Collected data
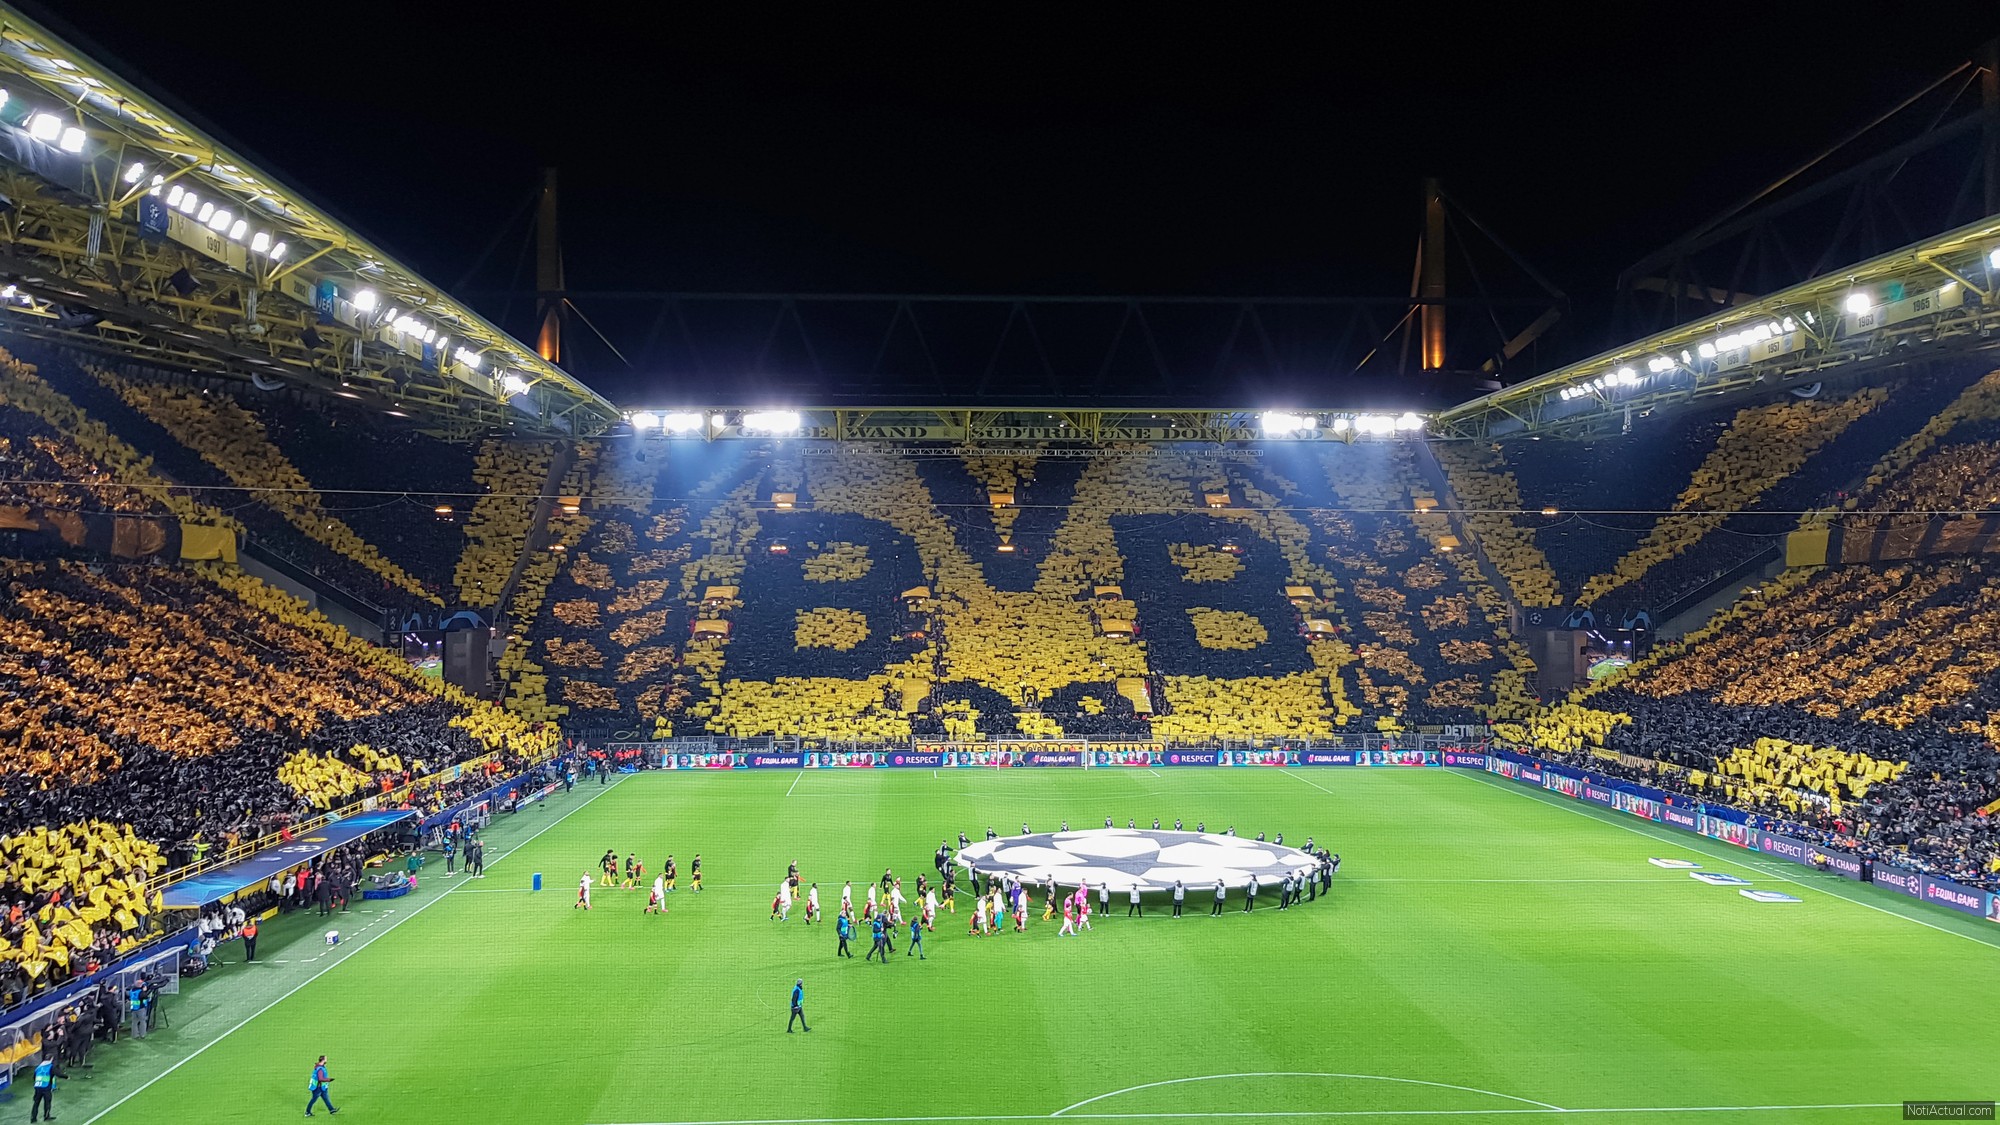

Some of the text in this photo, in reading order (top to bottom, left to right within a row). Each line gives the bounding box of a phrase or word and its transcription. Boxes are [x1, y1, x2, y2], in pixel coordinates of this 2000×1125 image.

[206, 235, 220, 254] 1997
[1913, 297, 1930, 312] 1965
[1858, 314, 1874, 328] 1963
[1767, 341, 1780, 354] 1957
[736, 426, 829, 438] GEBE
[846, 427, 927, 438] WAND
[971, 426, 1151, 439] SÜDTRIBÜNE
[905, 756, 939, 764] RESPECT
[1181, 755, 1214, 763] RESPECT
[1457, 757, 1484, 766] RESPECT
[1591, 787, 1610, 802] RESPECT
[1773, 841, 1802, 858] RESPECT
[1877, 870, 1906, 887] LEAGUE
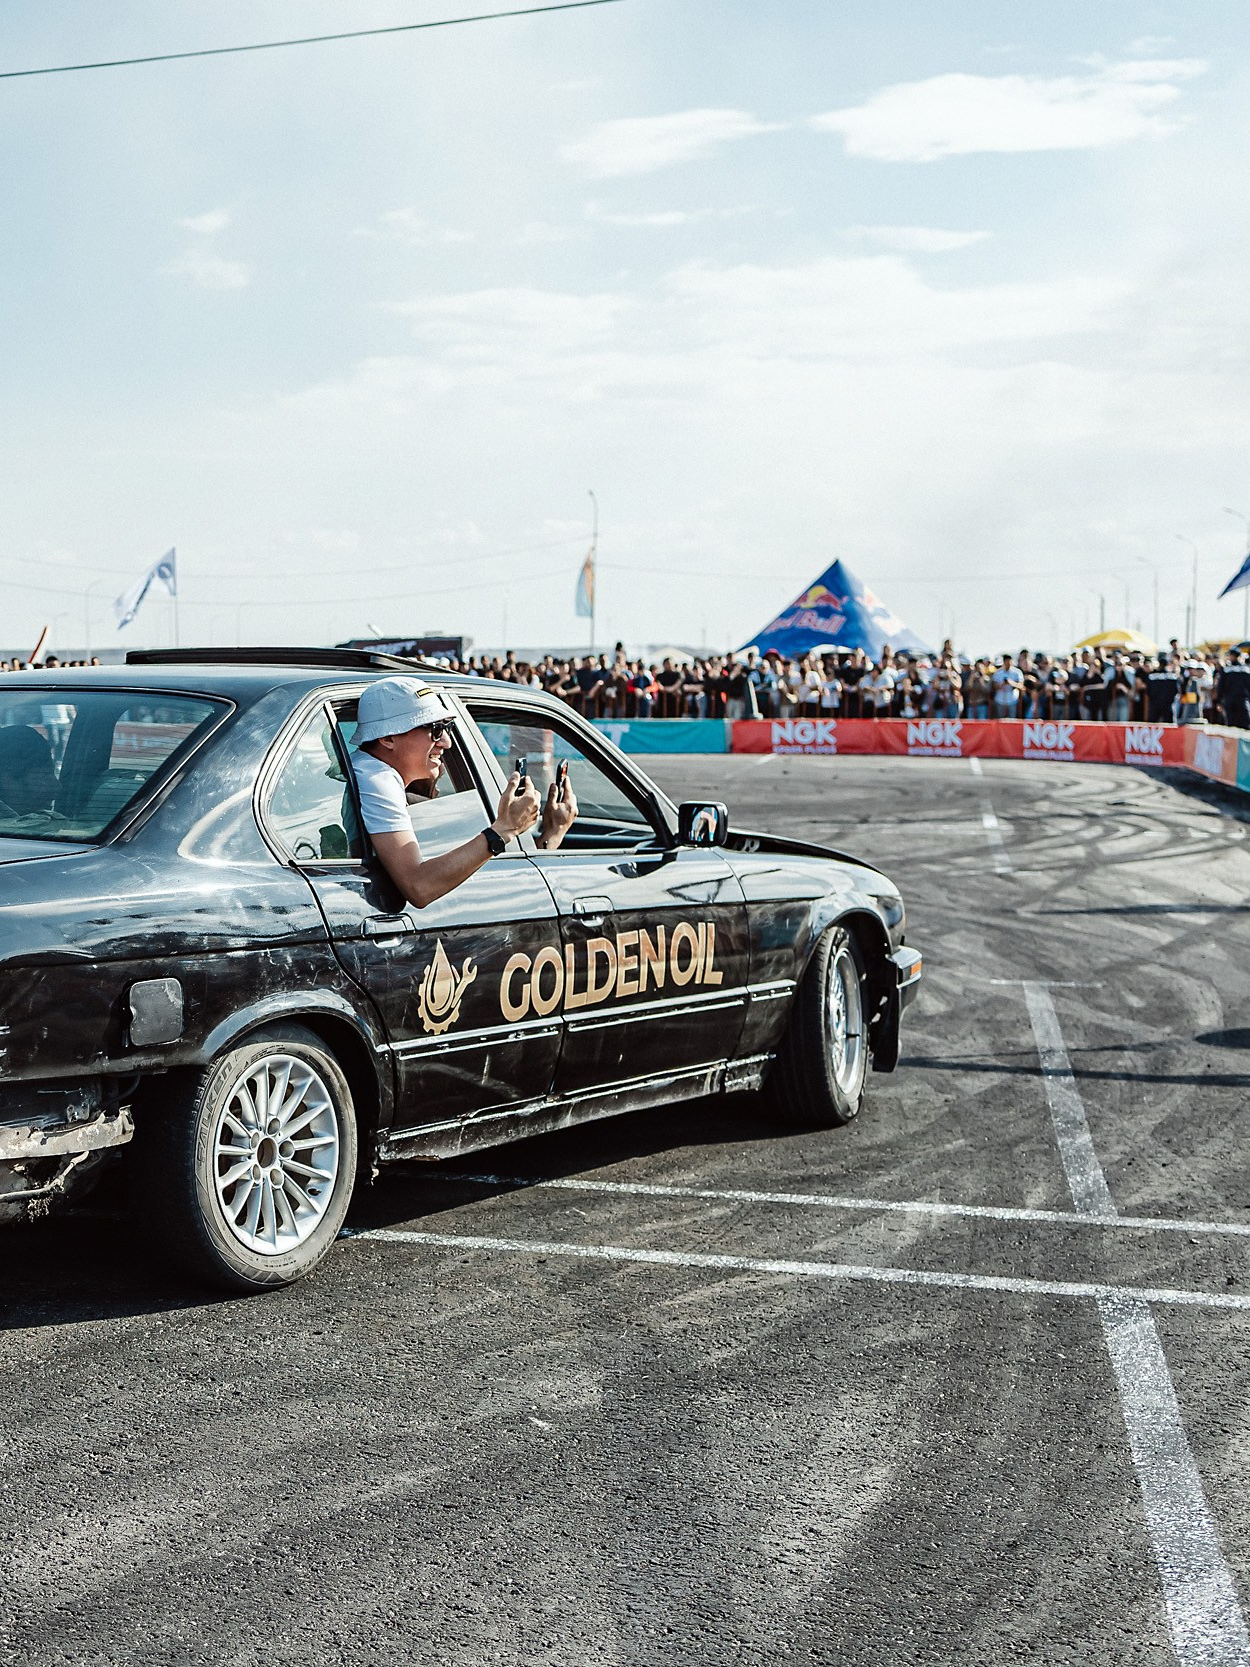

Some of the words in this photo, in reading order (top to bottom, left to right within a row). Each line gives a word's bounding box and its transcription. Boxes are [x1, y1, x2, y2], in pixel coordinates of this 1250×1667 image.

To do: Copy every entry word for word, but omit the pictures.

Solution below:
Some of the text in this photo, in reading order (top to bottom, left to right within a row). Each line gives the bounding box of a phrase or word and its transcription. Boxes are [x1, y1, x2, y2], in pixel coordinates of this 2000×1125 image.

[206, 235, 220, 254] 1997
[1913, 297, 1930, 312] 1965
[1858, 314, 1874, 328] 1963
[1767, 341, 1780, 354] 1957
[736, 426, 829, 438] GEBE
[846, 427, 927, 438] WAND
[971, 426, 1151, 439] SÜDTRIBÜNE
[905, 756, 939, 764] RESPECT
[1181, 755, 1214, 763] RESPECT
[1457, 757, 1484, 766] RESPECT
[1591, 787, 1610, 802] RESPECT
[1773, 841, 1802, 858] RESPECT
[1877, 870, 1906, 887] LEAGUE

Some of the words in this photo, in reading order (top to bottom, left to right within a row). Each line gives a word's bounding box and its transcription. Boxes are [x1, y1, x2, y2], in pixel coordinates of this 1250×1667 image.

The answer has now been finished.